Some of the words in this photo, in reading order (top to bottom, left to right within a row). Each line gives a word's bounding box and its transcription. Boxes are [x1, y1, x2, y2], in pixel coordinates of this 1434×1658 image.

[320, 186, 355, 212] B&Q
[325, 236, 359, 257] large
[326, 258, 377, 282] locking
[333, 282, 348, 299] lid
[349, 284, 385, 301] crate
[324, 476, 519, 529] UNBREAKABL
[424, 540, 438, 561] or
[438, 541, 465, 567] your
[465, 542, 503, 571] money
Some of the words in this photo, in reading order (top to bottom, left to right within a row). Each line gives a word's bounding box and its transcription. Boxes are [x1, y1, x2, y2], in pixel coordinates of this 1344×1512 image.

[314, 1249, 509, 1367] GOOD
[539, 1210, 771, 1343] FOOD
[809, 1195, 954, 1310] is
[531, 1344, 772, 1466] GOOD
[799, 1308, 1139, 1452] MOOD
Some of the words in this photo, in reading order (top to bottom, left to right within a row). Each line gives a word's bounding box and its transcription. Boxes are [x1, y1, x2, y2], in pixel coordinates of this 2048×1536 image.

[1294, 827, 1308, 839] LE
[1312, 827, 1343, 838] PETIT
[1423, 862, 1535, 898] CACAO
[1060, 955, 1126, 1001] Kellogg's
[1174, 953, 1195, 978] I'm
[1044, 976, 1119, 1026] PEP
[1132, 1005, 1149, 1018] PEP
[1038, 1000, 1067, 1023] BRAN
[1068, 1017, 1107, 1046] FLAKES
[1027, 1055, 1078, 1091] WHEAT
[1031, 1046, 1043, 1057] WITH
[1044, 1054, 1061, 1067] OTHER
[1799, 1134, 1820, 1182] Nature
***
Your reply should contain every entry, repeated exactly.

_Solution to this exercise_
Some of the words in this photo, in reading order (top to bottom, left to right within a row). Each line gives a word's bounding box and its transcription. Boxes are [x1, y1, x2, y2], in pixel coordinates of this 1434×1658 image.

[320, 186, 355, 212] B&Q
[325, 236, 359, 257] large
[326, 258, 377, 282] locking
[333, 282, 348, 299] lid
[349, 284, 385, 301] crate
[324, 476, 519, 529] UNBREAKABL
[424, 540, 438, 561] or
[438, 541, 465, 567] your
[465, 542, 503, 571] money
Some of the words in this photo, in reading order (top to bottom, left to right within a row). Each line gives a word's bounding box and its transcription. Boxes are [x1, y1, x2, y2], in pixel coordinates of this 1344×1512 image.

[314, 1249, 509, 1367] GOOD
[539, 1210, 771, 1343] FOOD
[809, 1195, 954, 1310] is
[531, 1344, 772, 1466] GOOD
[799, 1308, 1139, 1452] MOOD
Some of the words in this photo, in reading order (top to bottom, left to right within a row). Each line gives a word's bounding box and its transcription. Boxes are [x1, y1, x2, y2], in pixel coordinates of this 2048×1536 image.

[1294, 827, 1308, 839] LE
[1312, 827, 1343, 838] PETIT
[1423, 862, 1535, 898] CACAO
[1060, 955, 1126, 1001] Kellogg's
[1174, 953, 1195, 978] I'm
[1044, 976, 1119, 1026] PEP
[1132, 1005, 1149, 1018] PEP
[1038, 1000, 1067, 1023] BRAN
[1068, 1017, 1107, 1046] FLAKES
[1027, 1055, 1078, 1091] WHEAT
[1031, 1046, 1043, 1057] WITH
[1044, 1054, 1061, 1067] OTHER
[1799, 1134, 1820, 1182] Nature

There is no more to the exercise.